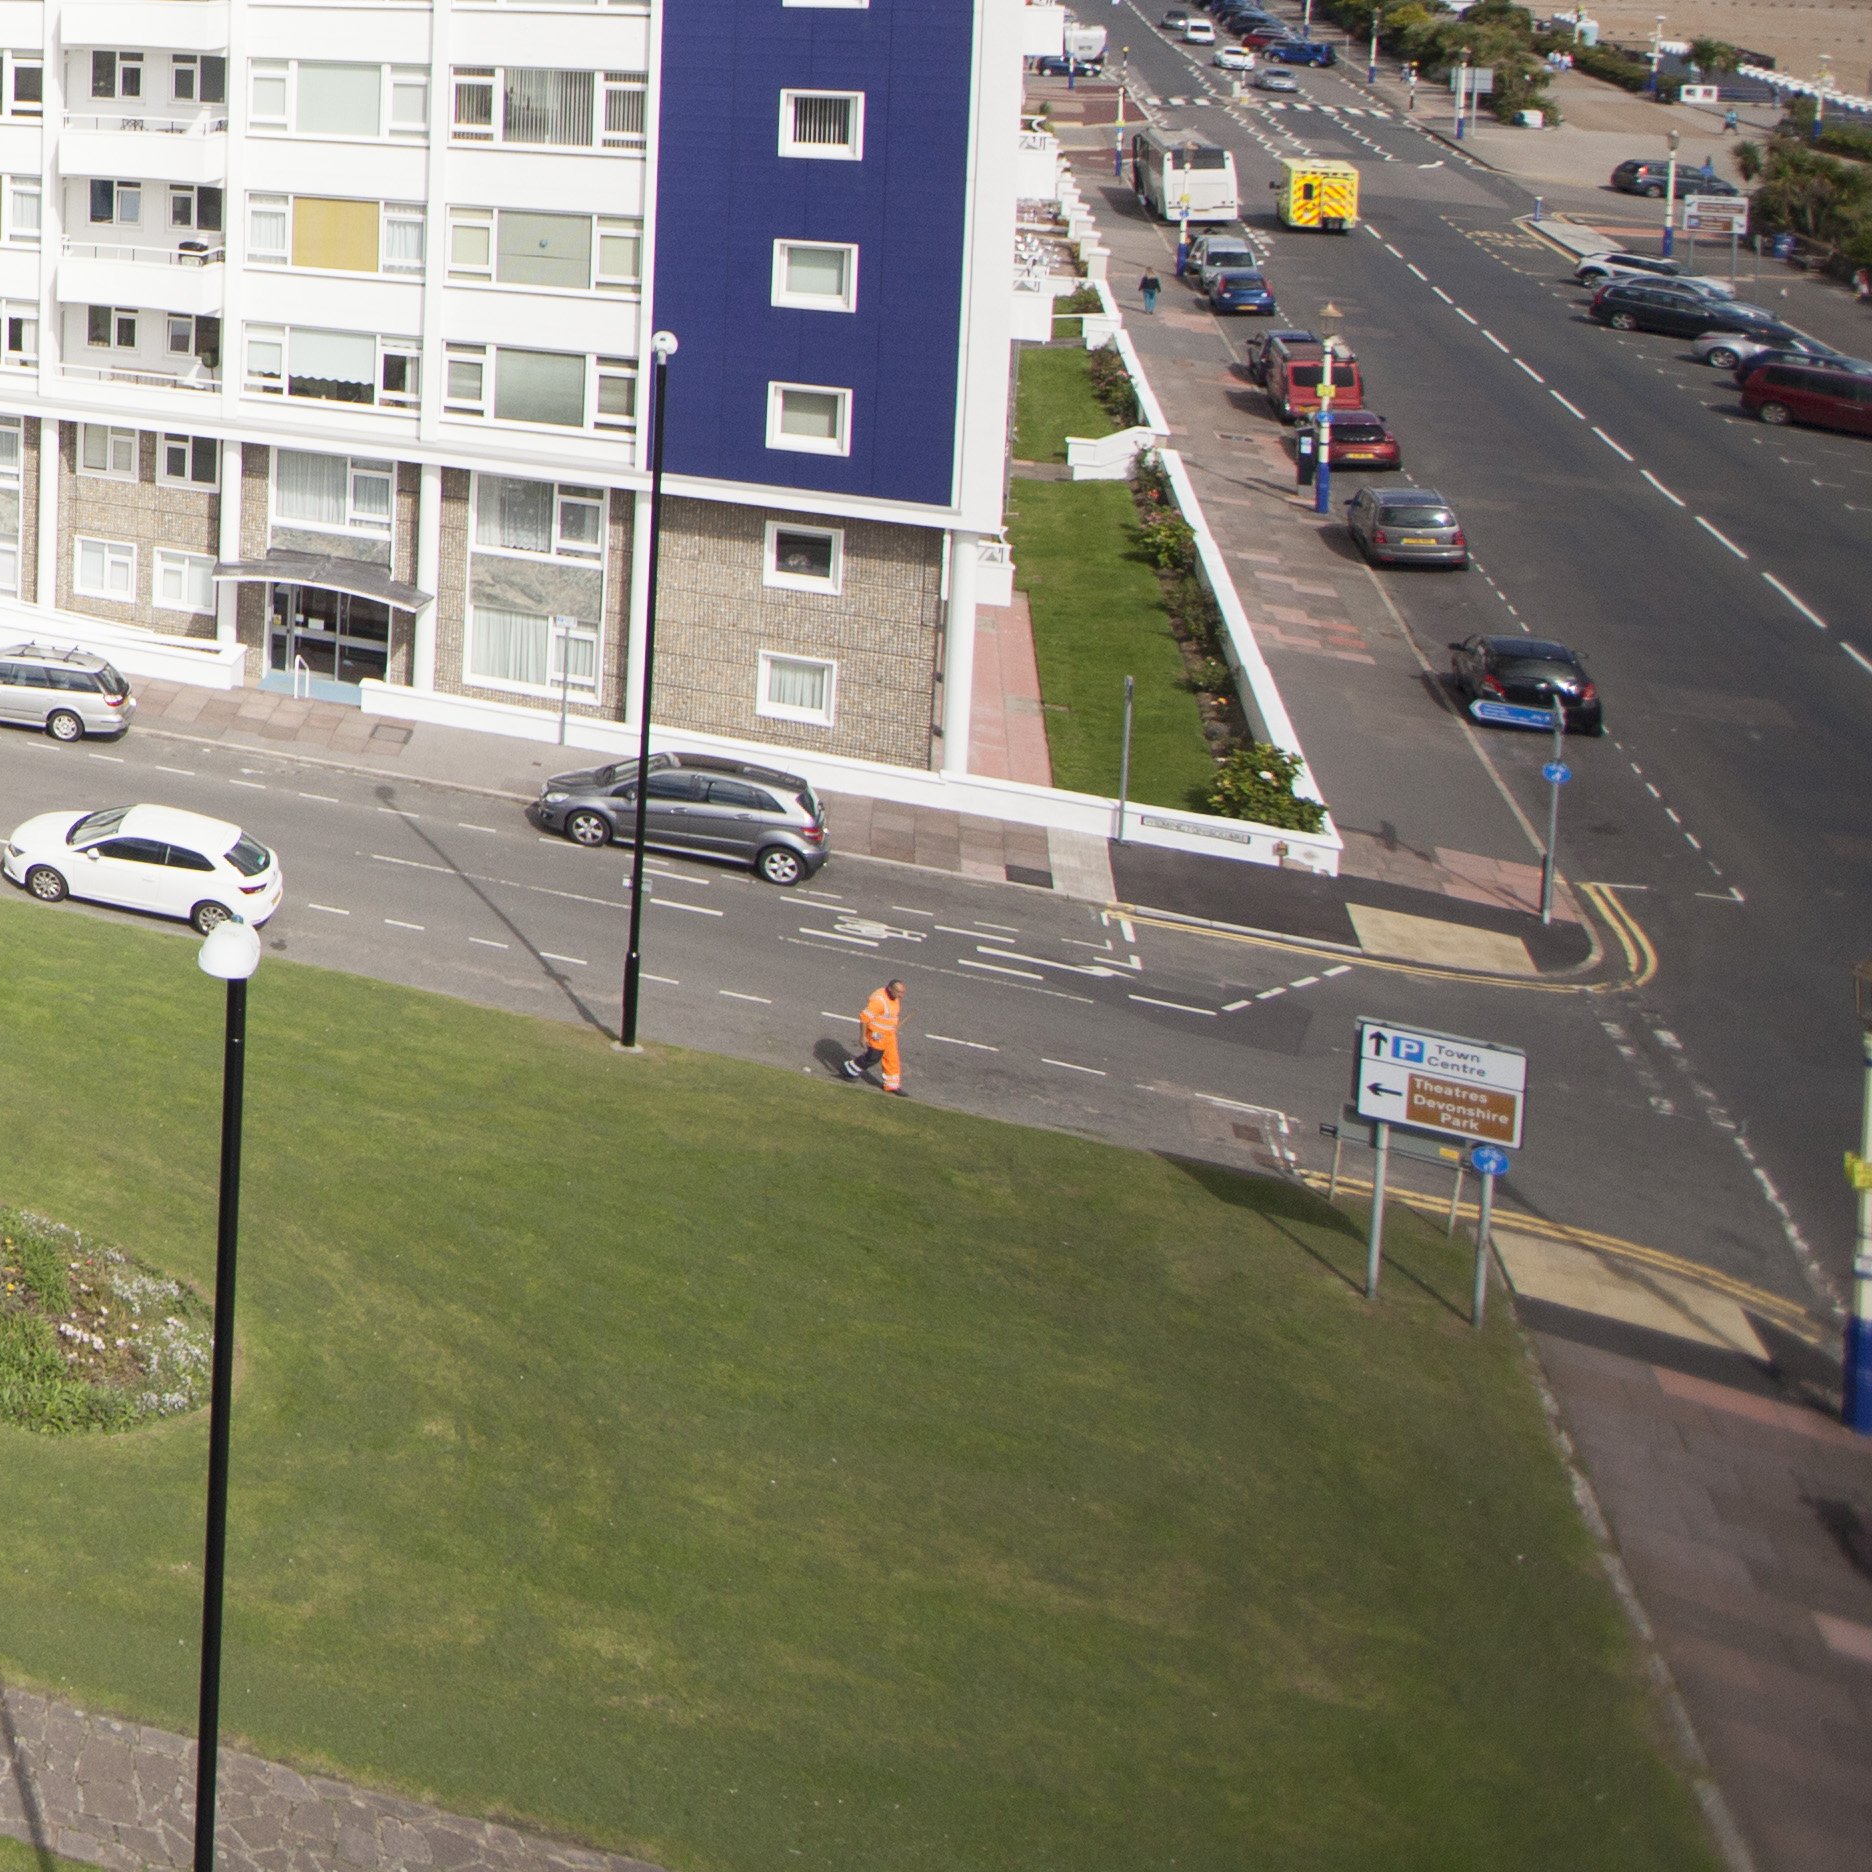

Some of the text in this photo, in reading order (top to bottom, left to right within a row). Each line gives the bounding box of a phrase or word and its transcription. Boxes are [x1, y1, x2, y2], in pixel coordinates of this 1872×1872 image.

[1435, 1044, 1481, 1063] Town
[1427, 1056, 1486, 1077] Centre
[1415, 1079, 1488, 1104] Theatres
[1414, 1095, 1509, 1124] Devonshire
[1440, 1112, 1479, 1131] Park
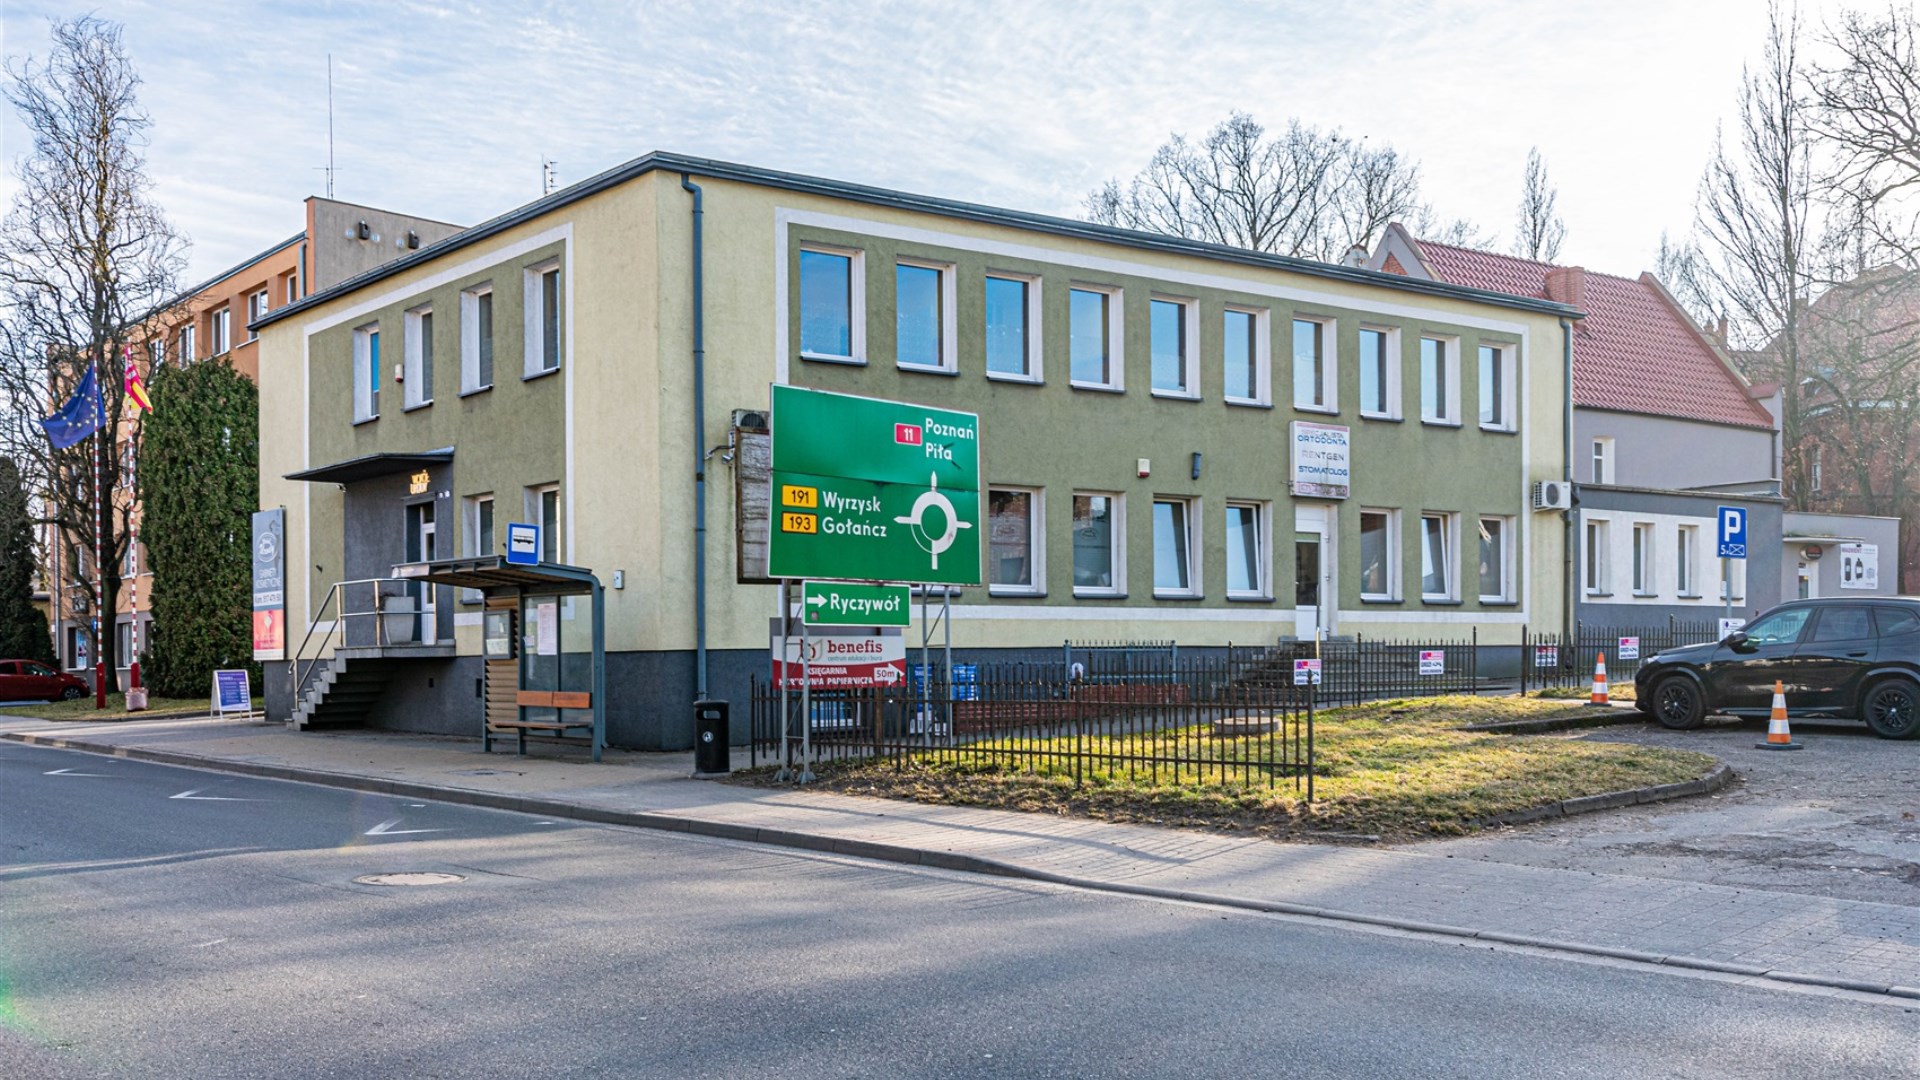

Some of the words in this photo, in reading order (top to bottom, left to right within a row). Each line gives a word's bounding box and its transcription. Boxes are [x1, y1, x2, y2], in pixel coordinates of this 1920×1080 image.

· · · · · · ·

Output the records above in their entirety and exactly, leaving out all images.

EXERCISE RESULT:
Some of the text in this photo, in reading order (top to bottom, left to right within a row). Each line gives the bounding box of a phrase or word and its transcription. Boxes are [x1, y1, x2, y2], in pixel coordinates of this 1872×1872 image.

[1435, 1044, 1481, 1063] Town
[1427, 1056, 1486, 1077] Centre
[1415, 1079, 1488, 1104] Theatres
[1414, 1095, 1509, 1124] Devonshire
[1440, 1112, 1479, 1131] Park

Some of the words in this photo, in reading order (top to bottom, left to right within a row). Each line gives a word's bounding box and its transcription. Boxes are [x1, y1, x2, y2], in pixel coordinates of this 1920×1080 image.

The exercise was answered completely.